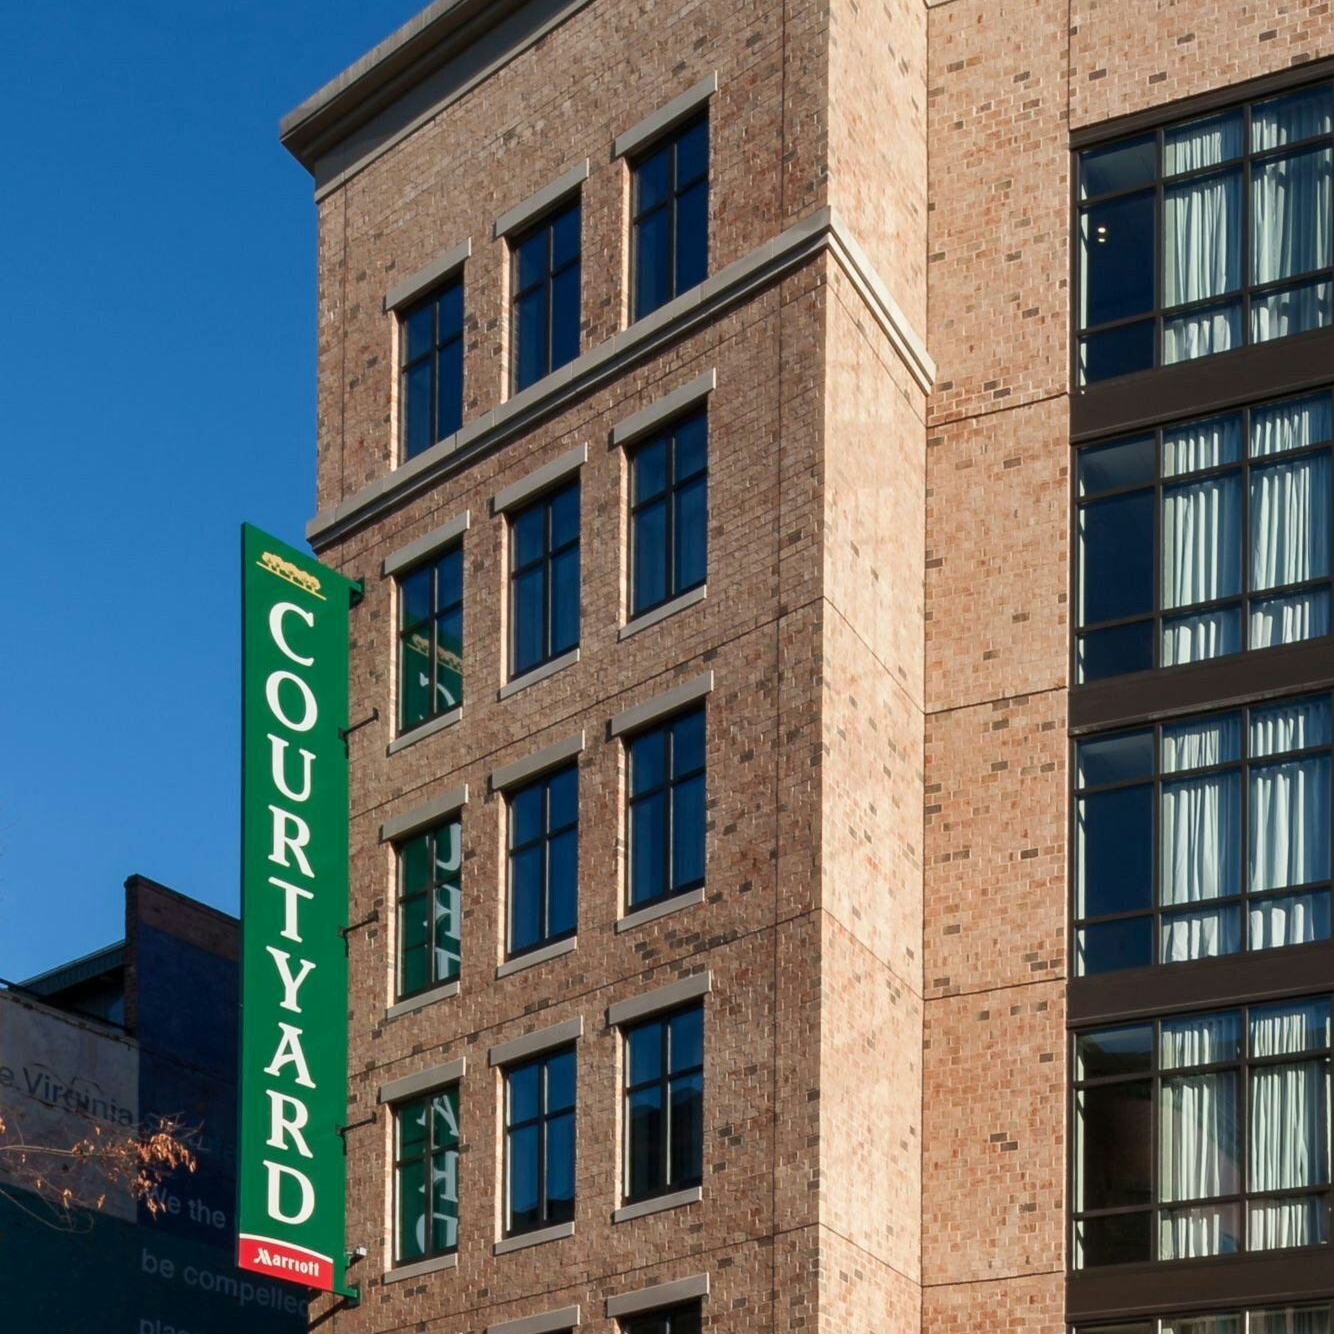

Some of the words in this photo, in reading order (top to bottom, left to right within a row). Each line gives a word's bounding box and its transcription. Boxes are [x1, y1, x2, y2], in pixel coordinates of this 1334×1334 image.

[264, 602, 319, 1225] COURTYARD
[23, 1067, 133, 1127] Virginia
[187, 1197, 226, 1229] the
[141, 1247, 175, 1279] be
[253, 1247, 319, 1277] Marriott
========================
• _Your goal_
Word-for-word copy, no pictures: write out the entries above in full.

• _Response to this exercise_
Some of the words in this photo, in reading order (top to bottom, left to right within a row). Each line gives a word's bounding box and its transcription. Boxes are [x1, y1, x2, y2], in pixel coordinates of this 1334×1334 image.

[264, 602, 319, 1225] COURTYARD
[23, 1067, 133, 1127] Virginia
[187, 1197, 226, 1229] the
[141, 1247, 175, 1279] be
[253, 1247, 319, 1277] Marriott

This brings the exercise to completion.